### WHAT YOU SHOULD DO
Print each entry verbatim.

[Spatial localization data]
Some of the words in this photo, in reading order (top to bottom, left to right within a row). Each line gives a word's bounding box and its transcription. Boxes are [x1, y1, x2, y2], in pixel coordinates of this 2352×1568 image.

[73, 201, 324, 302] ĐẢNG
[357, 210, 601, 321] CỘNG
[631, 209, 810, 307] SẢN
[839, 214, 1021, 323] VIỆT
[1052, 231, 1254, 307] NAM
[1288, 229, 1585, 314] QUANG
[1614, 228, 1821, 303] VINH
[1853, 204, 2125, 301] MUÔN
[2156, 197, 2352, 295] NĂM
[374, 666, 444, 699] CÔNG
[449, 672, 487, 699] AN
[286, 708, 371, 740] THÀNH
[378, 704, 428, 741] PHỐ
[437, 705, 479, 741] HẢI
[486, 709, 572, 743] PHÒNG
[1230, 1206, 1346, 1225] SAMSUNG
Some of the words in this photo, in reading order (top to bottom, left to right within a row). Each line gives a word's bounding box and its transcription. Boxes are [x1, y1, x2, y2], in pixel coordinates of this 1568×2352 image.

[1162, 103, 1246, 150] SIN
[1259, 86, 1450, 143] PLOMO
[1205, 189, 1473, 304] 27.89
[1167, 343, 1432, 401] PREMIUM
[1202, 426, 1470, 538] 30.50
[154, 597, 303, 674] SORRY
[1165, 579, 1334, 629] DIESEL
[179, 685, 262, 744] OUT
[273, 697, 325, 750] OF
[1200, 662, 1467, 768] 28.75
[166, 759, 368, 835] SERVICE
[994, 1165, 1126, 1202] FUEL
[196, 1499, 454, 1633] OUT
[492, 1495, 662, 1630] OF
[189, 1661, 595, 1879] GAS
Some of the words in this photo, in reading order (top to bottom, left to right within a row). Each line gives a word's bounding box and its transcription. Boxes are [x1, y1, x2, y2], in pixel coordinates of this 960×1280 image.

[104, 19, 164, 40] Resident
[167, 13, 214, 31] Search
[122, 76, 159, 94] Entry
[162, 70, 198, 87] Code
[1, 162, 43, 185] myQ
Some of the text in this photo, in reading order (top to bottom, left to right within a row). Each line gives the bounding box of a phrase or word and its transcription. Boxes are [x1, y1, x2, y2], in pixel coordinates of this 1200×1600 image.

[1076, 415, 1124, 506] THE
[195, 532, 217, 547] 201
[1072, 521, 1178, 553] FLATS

### TASK OUTPUT
Some of the words in this photo, in reading order (top to bottom, left to right within a row). Each line gives a word's bounding box and its transcription. Boxes are [x1, y1, x2, y2], in pixel coordinates of this 2352×1568 image.

[73, 201, 324, 302] ĐẢNG
[357, 210, 601, 321] CỘNG
[631, 209, 810, 307] SẢN
[839, 214, 1021, 323] VIỆT
[1052, 231, 1254, 307] NAM
[1288, 229, 1585, 314] QUANG
[1614, 228, 1821, 303] VINH
[1853, 204, 2125, 301] MUÔN
[2156, 197, 2352, 295] NĂM
[374, 666, 444, 699] CÔNG
[449, 672, 487, 699] AN
[286, 708, 371, 740] THÀNH
[378, 704, 428, 741] PHỐ
[437, 705, 479, 741] HẢI
[486, 709, 572, 743] PHÒNG
[1230, 1206, 1346, 1225] SAMSUNG
Some of the words in this photo, in reading order (top to bottom, left to right within a row). Each line gives a word's bounding box and its transcription. Boxes are [x1, y1, x2, y2], in pixel coordinates of this 1568×2352 image.

[1162, 103, 1246, 150] SIN
[1259, 86, 1450, 143] PLOMO
[1205, 189, 1473, 304] 27.89
[1167, 343, 1432, 401] PREMIUM
[1202, 426, 1470, 538] 30.50
[154, 597, 303, 674] SORRY
[1165, 579, 1334, 629] DIESEL
[179, 685, 262, 744] OUT
[273, 697, 325, 750] OF
[1200, 662, 1467, 768] 28.75
[166, 759, 368, 835] SERVICE
[994, 1165, 1126, 1202] FUEL
[196, 1499, 454, 1633] OUT
[492, 1495, 662, 1630] OF
[189, 1661, 595, 1879] GAS
Some of the words in this photo, in reading order (top to bottom, left to right within a row). Each line gives a word's bounding box and its transcription. Boxes are [x1, y1, x2, y2], in pixel coordinates of this 960×1280 image.

[104, 19, 164, 40] Resident
[167, 13, 214, 31] Search
[122, 76, 159, 94] Entry
[162, 70, 198, 87] Code
[1, 162, 43, 185] myQ
Some of the text in this photo, in reading order (top to bottom, left to right within a row). Each line gives the bounding box of a phrase or word and its transcription. Boxes are [x1, y1, x2, y2], in pixel coordinates of this 1200×1600 image.

[1076, 415, 1124, 506] THE
[195, 532, 217, 547] 201
[1072, 521, 1178, 553] FLATS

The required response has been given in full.